A Question For Nicole Lynn Lewis

How Can Colleges Help Student Parents? 

By Elena Loveland    //    Volume 30,  Number 2   //    March/April 2022

Nicole Lynn Lewis is the founder and chief executive officer of Generation Hope, a nonprofit organization that engages education and policy partners to drive systemic change and provides direct support to teen parents in college as well as their children through holistic, two-generation programming to ensure all student parents have the opportunities to succeed and experience economic mobility. A former teen mother who put herself through college with her infant daughter in tow, has also written Pregnant Girl, which was named one of NPR’s Best Books of 2021. Nicole holds a master’s degree in social policy and communication from George Mason University and a bachelor’s degree in English from the College of William & Mary.

What do trustees and college presidents need to know about student parents as a college population?

First, trustees and college presidents need to know that student parents exist. I think that’s one of the most difficult things about advocating for this population. Most people working in higher education don’t know that this is a significant group. One in five undergraduates across the country are parenting, and 40 percent of all Black female undergraduates are parenting. It’s nearly 5 million students nationwide, and while the largest share of student parents attend community colleges, 17 percent attend public four-year institutions, and 13 percent attend private nonprofit four-year schools. There’s a good chance that these students are sitting in classes at your institution, and they’re in need of support that could help them get to the finish line. Second, we want institutional leaders to know that this population is an asset to your campus community—not a liability. While parenting students need tailored supports (i.e., priority registration for classes, policies that consider the needs of both parent and child, etc.) and connections to campus and community resources (i.e., sufficient financial aid, affordable childcare, etc.), they are highly motivated to complete. Student parents have higher GPAs on average than their nonparenting peers, and they bring so many amazing skills and experiences to any space that they enter. Lastly, student parent work is racial justice work. Because student parents are more likely to be students of color, it’s imperative that institutions include this population in their DEI efforts. Not doing so creates a major blind spot when it comes to ensuring that the most marginalized students are making it through college and having a rewarding, impactful academic experience.

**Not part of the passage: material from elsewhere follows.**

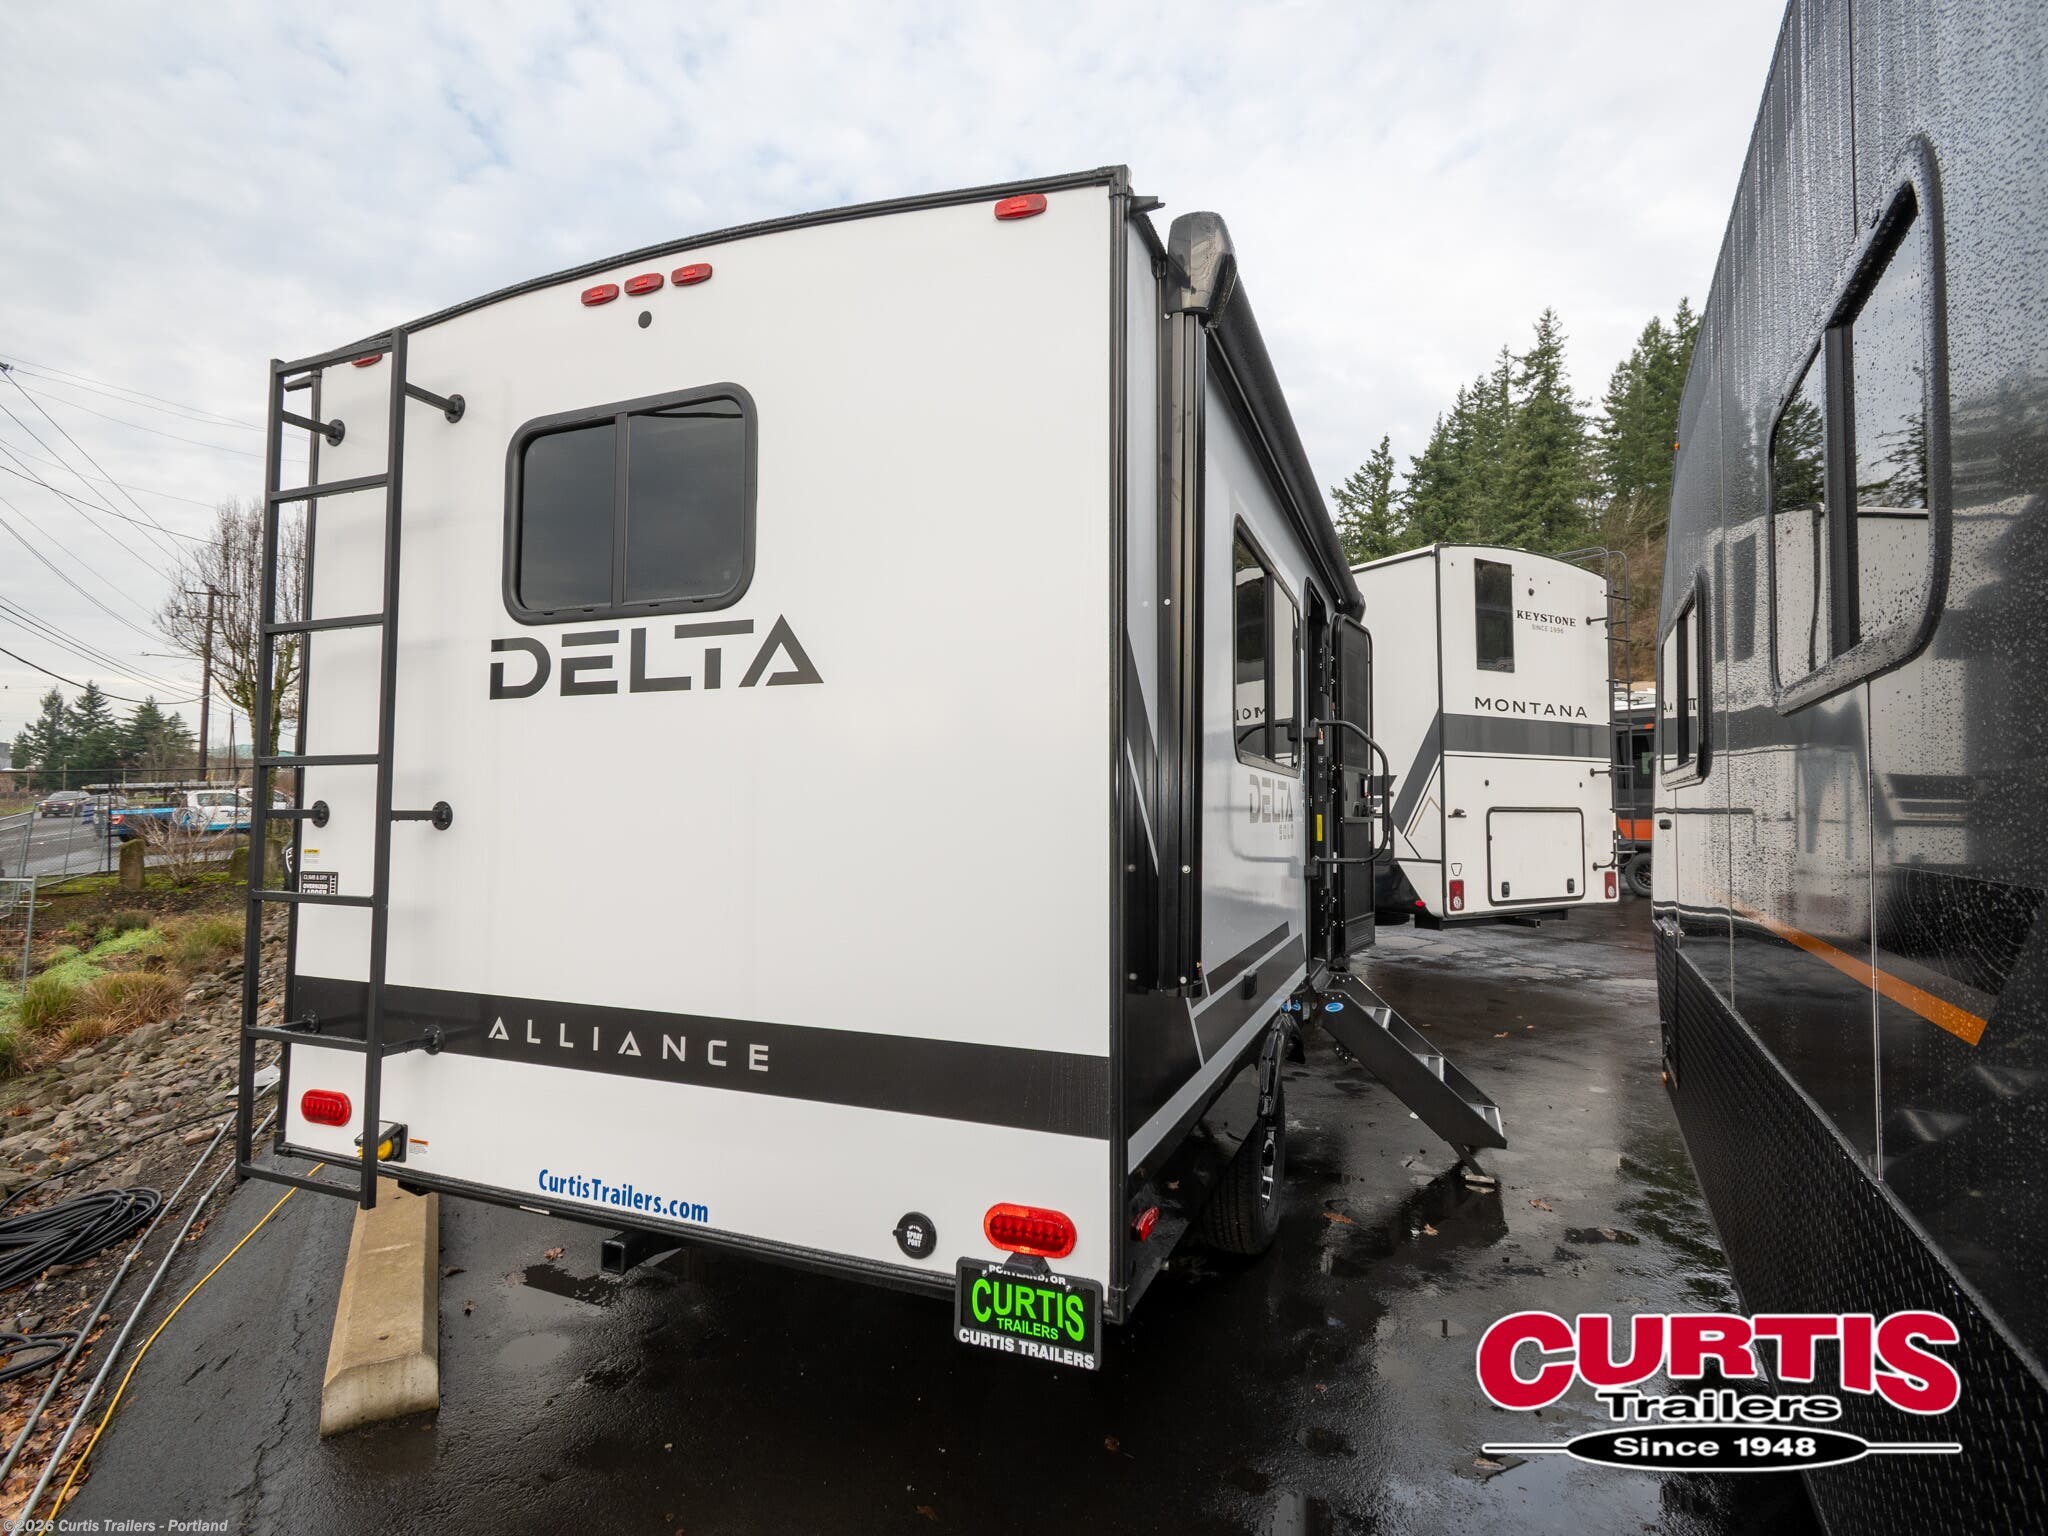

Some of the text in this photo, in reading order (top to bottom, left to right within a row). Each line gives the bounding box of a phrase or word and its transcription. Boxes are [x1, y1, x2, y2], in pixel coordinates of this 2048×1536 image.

How can higher education institutions serve student parents to meet their specific needs on campus so they can achieve their postsecondary degrees?

We encourage institutions to start with the data. Most colleges and universities aren’t tracking the parenting status of their students, which means at any given time, they have no idea how many of their students are parenting, what they need, and how many are even graduating. Because there is so much intersectionality between student parents and other marginalized student groups, it’s important for schools to have this information so they have a full and complete picture of what their students are up against. For example, if you want to ensure more students who are experiencing housing insecurity are getting the support they need to stay enrolled, knowing that they’re also parenting would be key information to have to truly address their needs. We also know that data doesn’t tell the whole story. If you want the whole story, you need to ask your students.

How do you think your organization, Generation Hope, is changing the landscape of higher education?

Because this population has been invisible for so long, I think Generation Hope is helping to make them visible in a variety of ways. We’re modeling how to serve student parents authentically with our direct work with teen parents in college, and we’ve had incredible outcomes, including a graduation rate that’s higher than the national average for all college students. We’re also addressing the systemic barriers that make student parents 10 times less likely to earn a bachelor’s degree within 5 years than their peers through our technical assistance program for colleges and universities called FamilyU, our federal and regional student-driven policy work, and our research and reports. And at the core of everything we do is student voice. Again, we consider them the experts, and I think that’s another important way that we’re helping to change the landscape of higher education. Students must inform everything we do if we want to see true change.